> [WHAT THIS TASK INVOLVES]: In your answer, set down the records below exactly as they stand, omitting pictures.

> [RECORDS FOR THE TASK]:

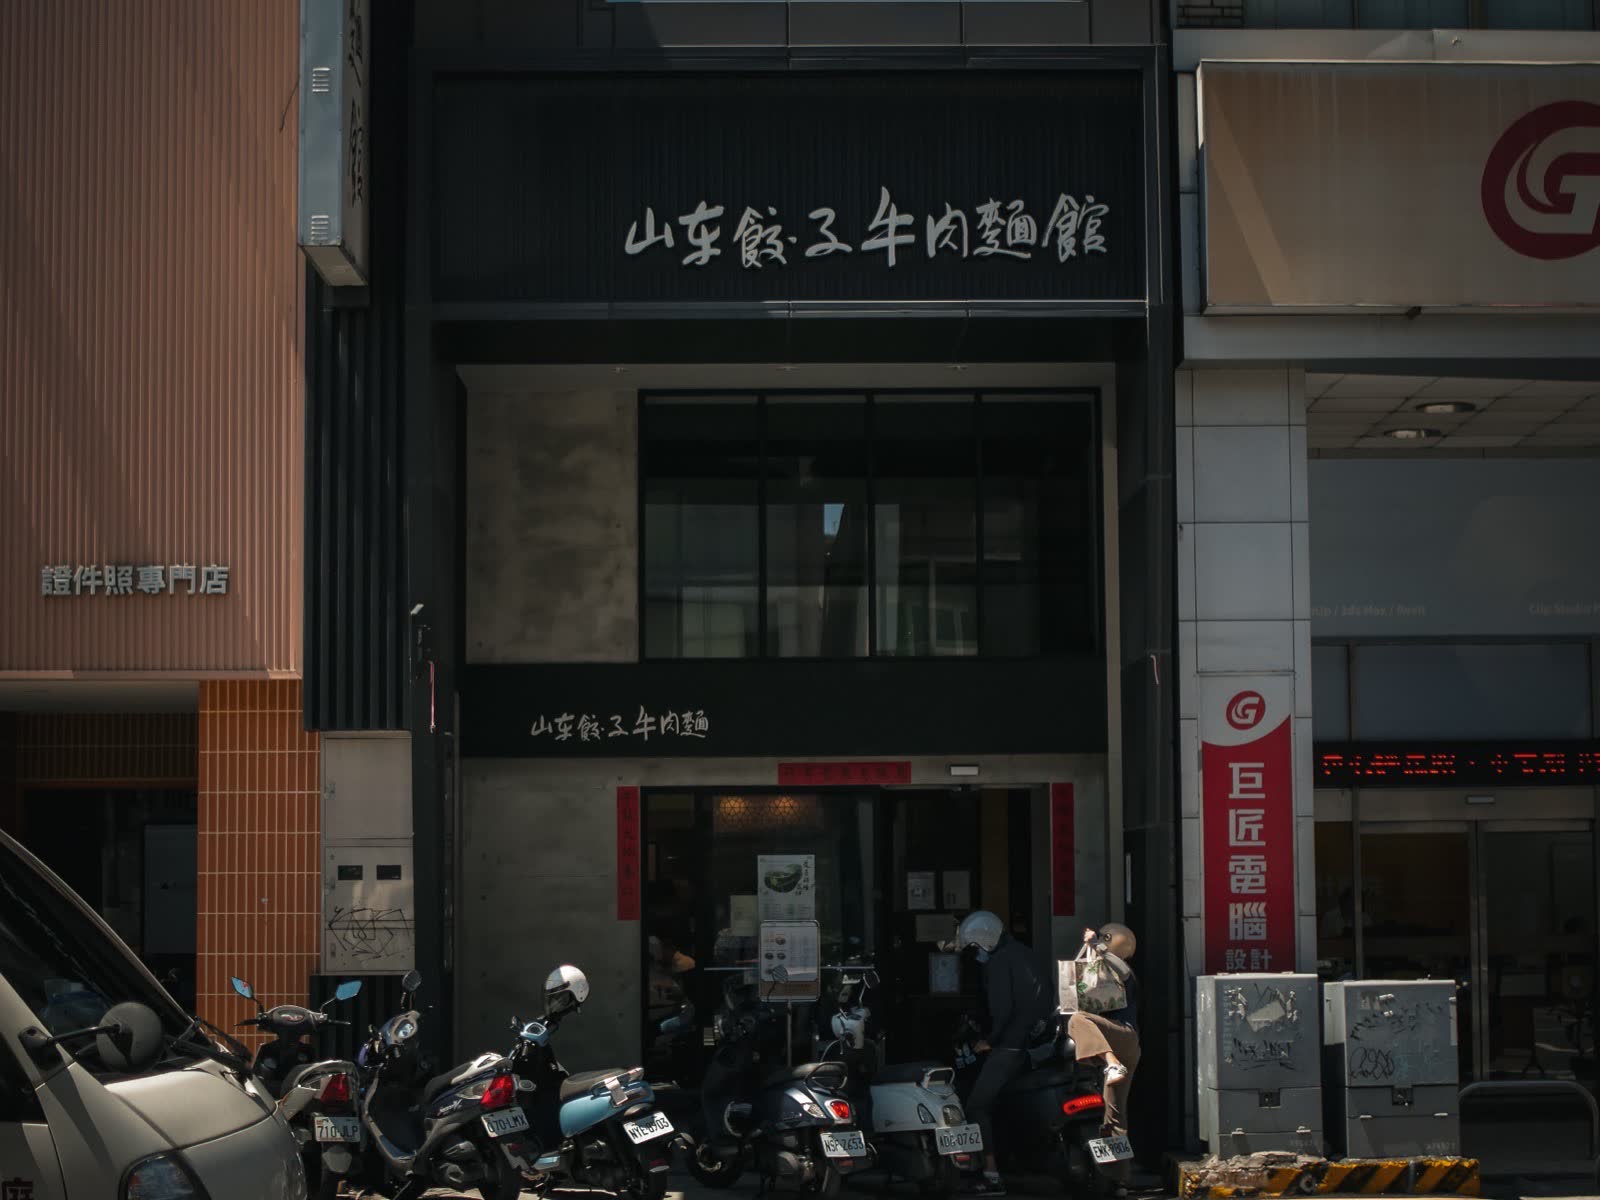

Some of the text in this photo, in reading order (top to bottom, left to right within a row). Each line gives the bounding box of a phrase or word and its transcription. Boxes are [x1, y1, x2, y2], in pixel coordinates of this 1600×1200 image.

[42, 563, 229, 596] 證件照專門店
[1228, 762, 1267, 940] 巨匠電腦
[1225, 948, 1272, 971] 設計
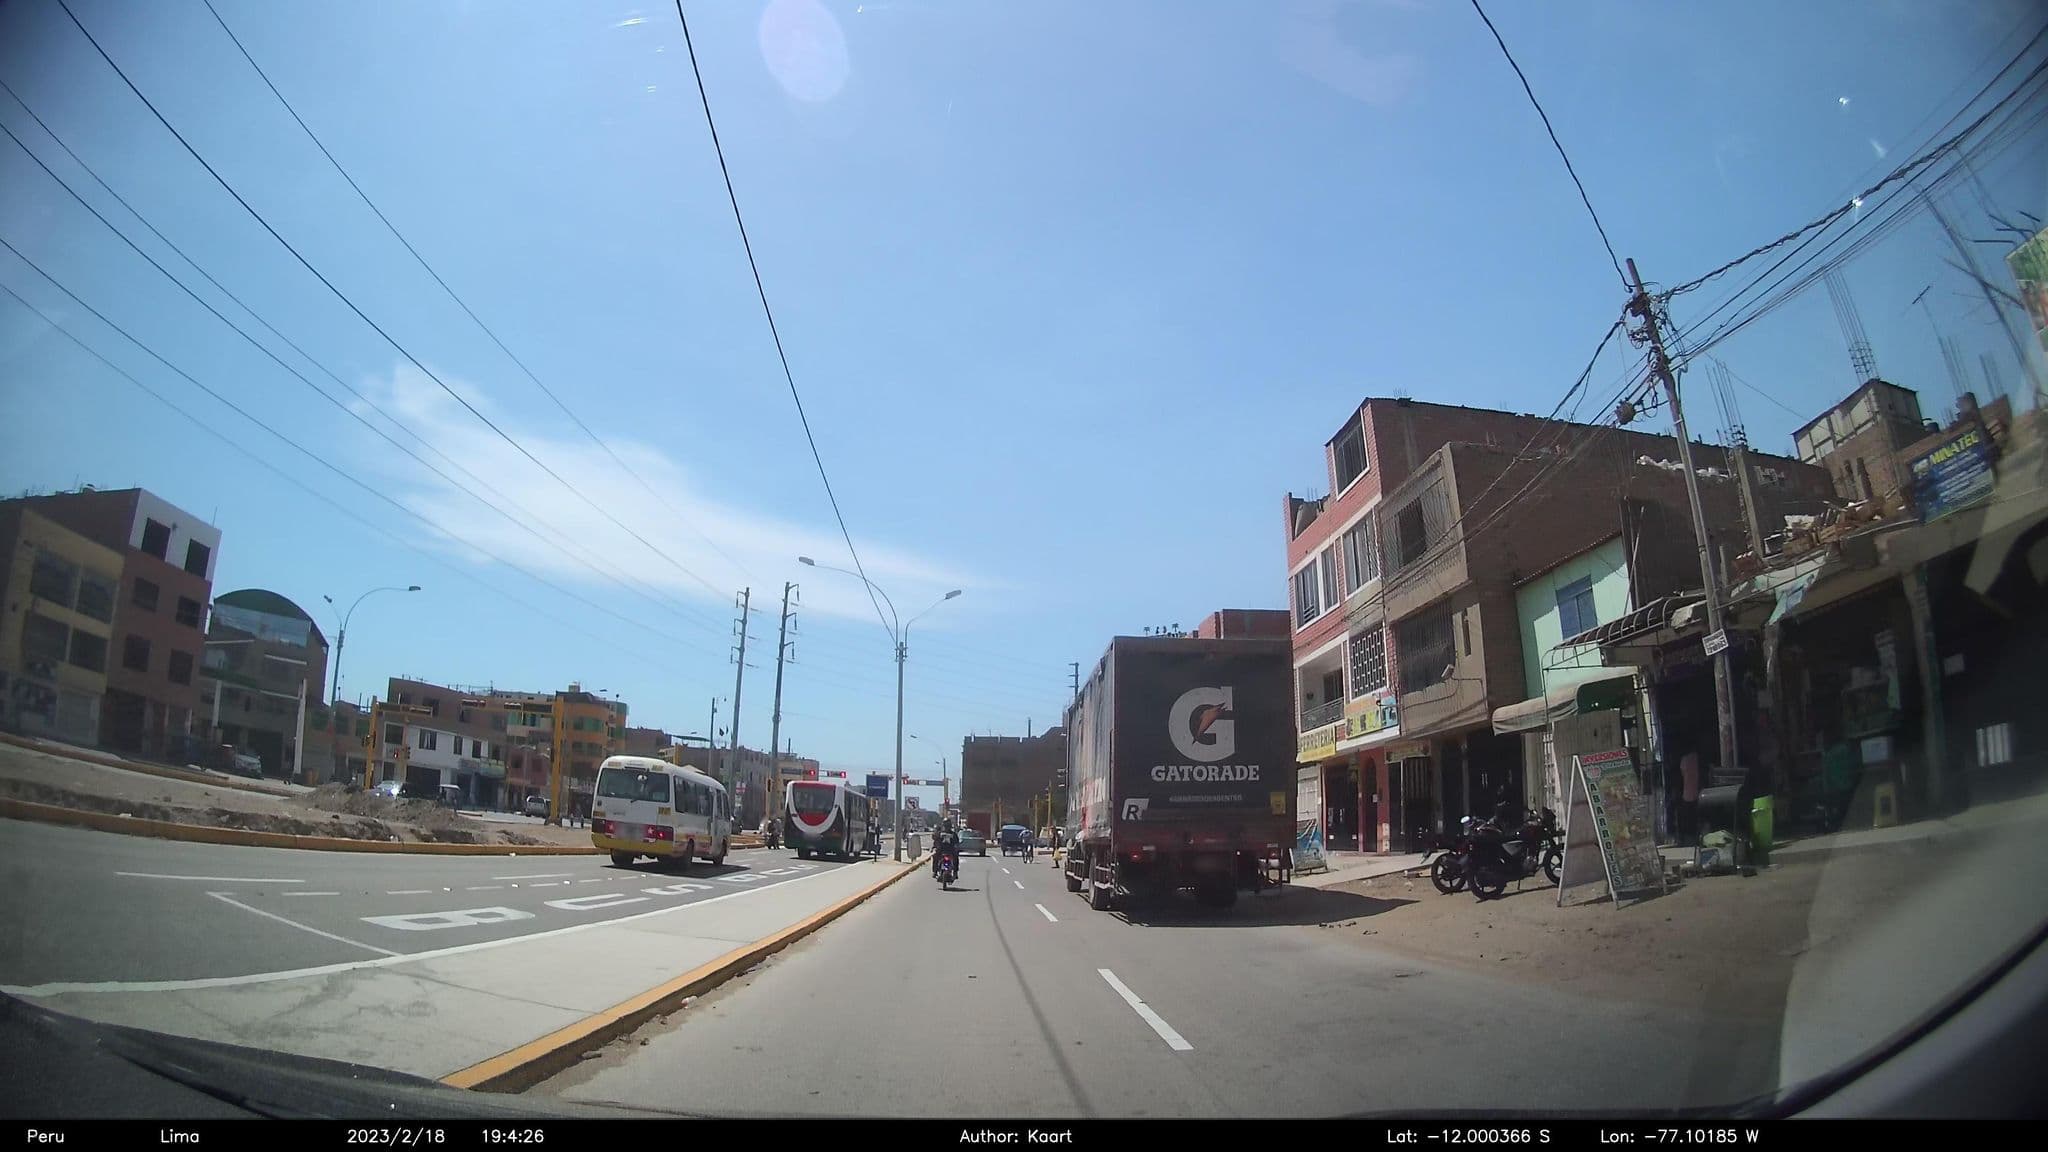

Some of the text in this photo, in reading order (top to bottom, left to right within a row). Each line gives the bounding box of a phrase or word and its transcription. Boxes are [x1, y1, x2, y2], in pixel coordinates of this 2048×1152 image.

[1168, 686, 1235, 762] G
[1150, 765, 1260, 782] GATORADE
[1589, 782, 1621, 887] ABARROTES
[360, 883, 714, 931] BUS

> [SOLVED EXERCISE]:
Some of the text in this photo, in reading order (top to bottom, left to right within a row). Each line gives the bounding box of a phrase or word and its transcription. Boxes are [x1, y1, x2, y2], in pixel coordinates of this 1600×1200 image.

[42, 563, 229, 596] 證件照專門店
[1228, 762, 1267, 940] 巨匠電腦
[1225, 948, 1272, 971] 設計

Some of the text in this photo, in reading order (top to bottom, left to right within a row). Each line gives the bounding box of a phrase or word and its transcription. Boxes are [x1, y1, x2, y2], in pixel coordinates of this 2048×1152 image.

[1168, 686, 1235, 762] G
[1150, 765, 1260, 782] GATORADE
[1589, 782, 1621, 887] ABARROTES
[360, 883, 714, 931] BUS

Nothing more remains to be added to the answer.